- [TASK REQUIREMENTS]: An exact restatement of the data below, with the pictures removed, is the required answer.

- [DATASET ENTRIES]:
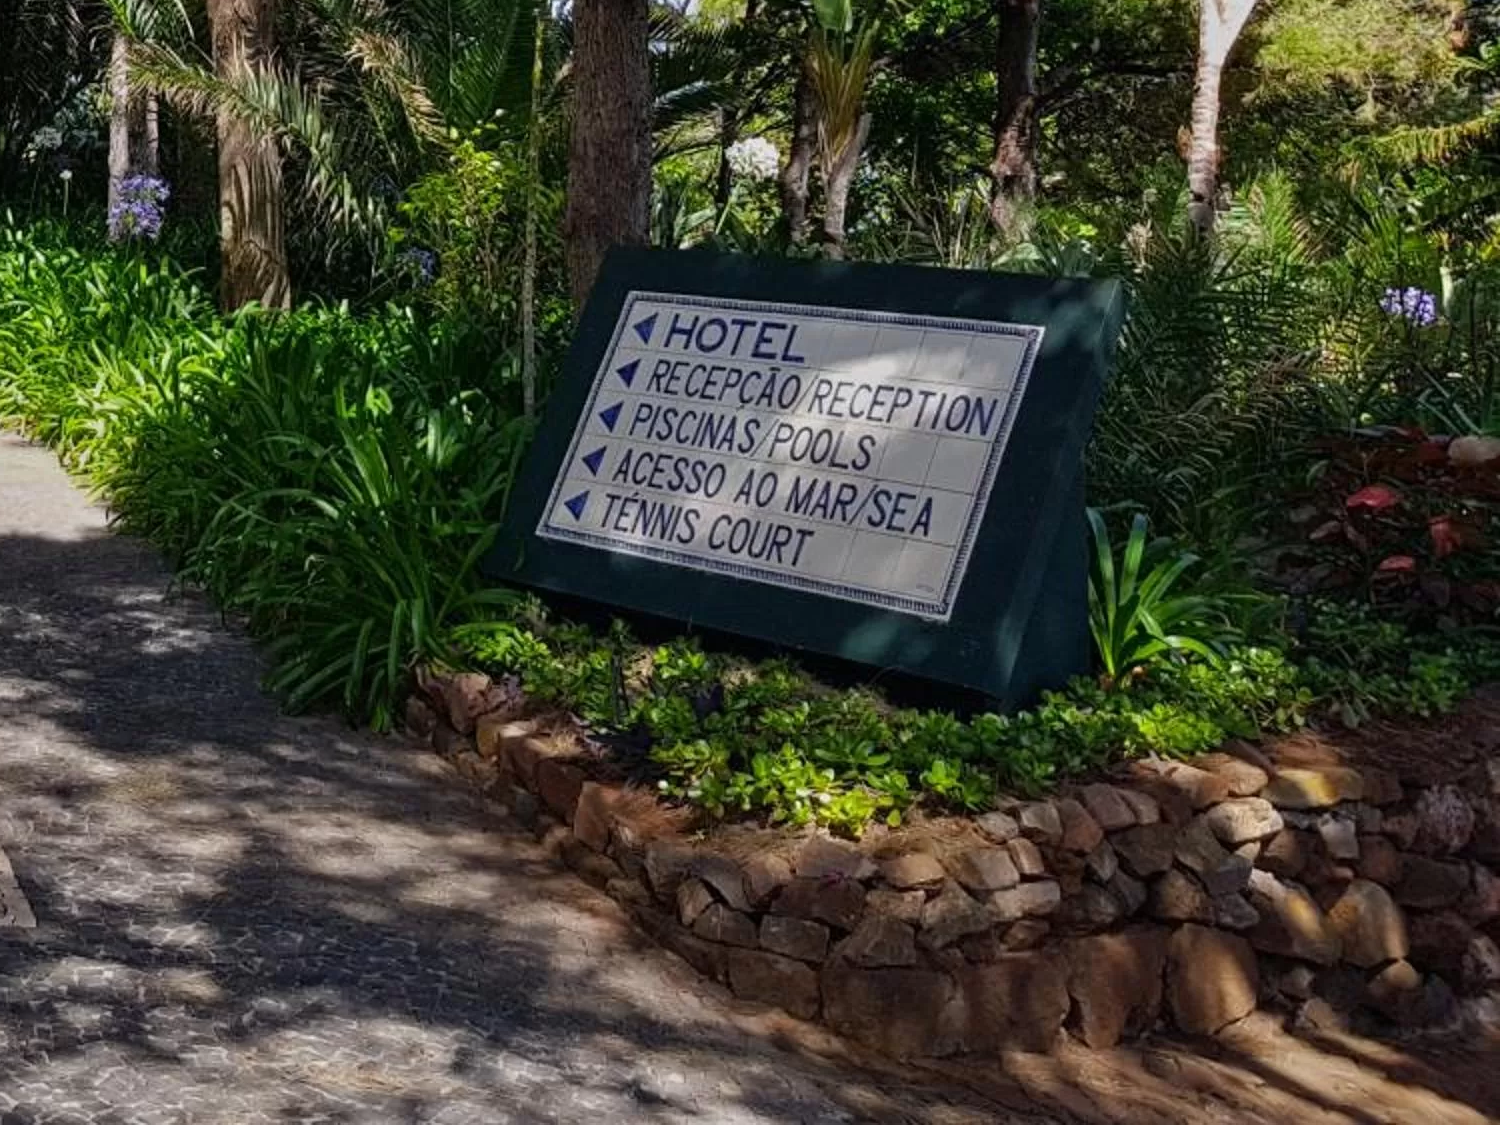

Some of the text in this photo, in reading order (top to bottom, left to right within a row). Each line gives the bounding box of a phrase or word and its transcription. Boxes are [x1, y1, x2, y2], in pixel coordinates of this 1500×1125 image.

[663, 314, 805, 364] HOTEL
[646, 359, 998, 435] RECEPÇÃO/RECEPTION
[629, 402, 876, 470] PISCINAS/POOLS
[611, 448, 933, 537] ACESSO AO MAR/SEA
[708, 514, 815, 566] COURT

- [PROBLEM SOLUTION]:
Some of the text in this photo, in reading order (top to bottom, left to right within a row). Each line gives the bounding box of a phrase or word and its transcription. Boxes are [x1, y1, x2, y2], in pixel coordinates of this 1500×1125 image.

[663, 314, 805, 364] HOTEL
[646, 359, 998, 435] RECEPÇÃO/RECEPTION
[629, 402, 876, 470] PISCINAS/POOLS
[611, 448, 933, 537] ACESSO AO MAR/SEA
[708, 514, 815, 566] COURT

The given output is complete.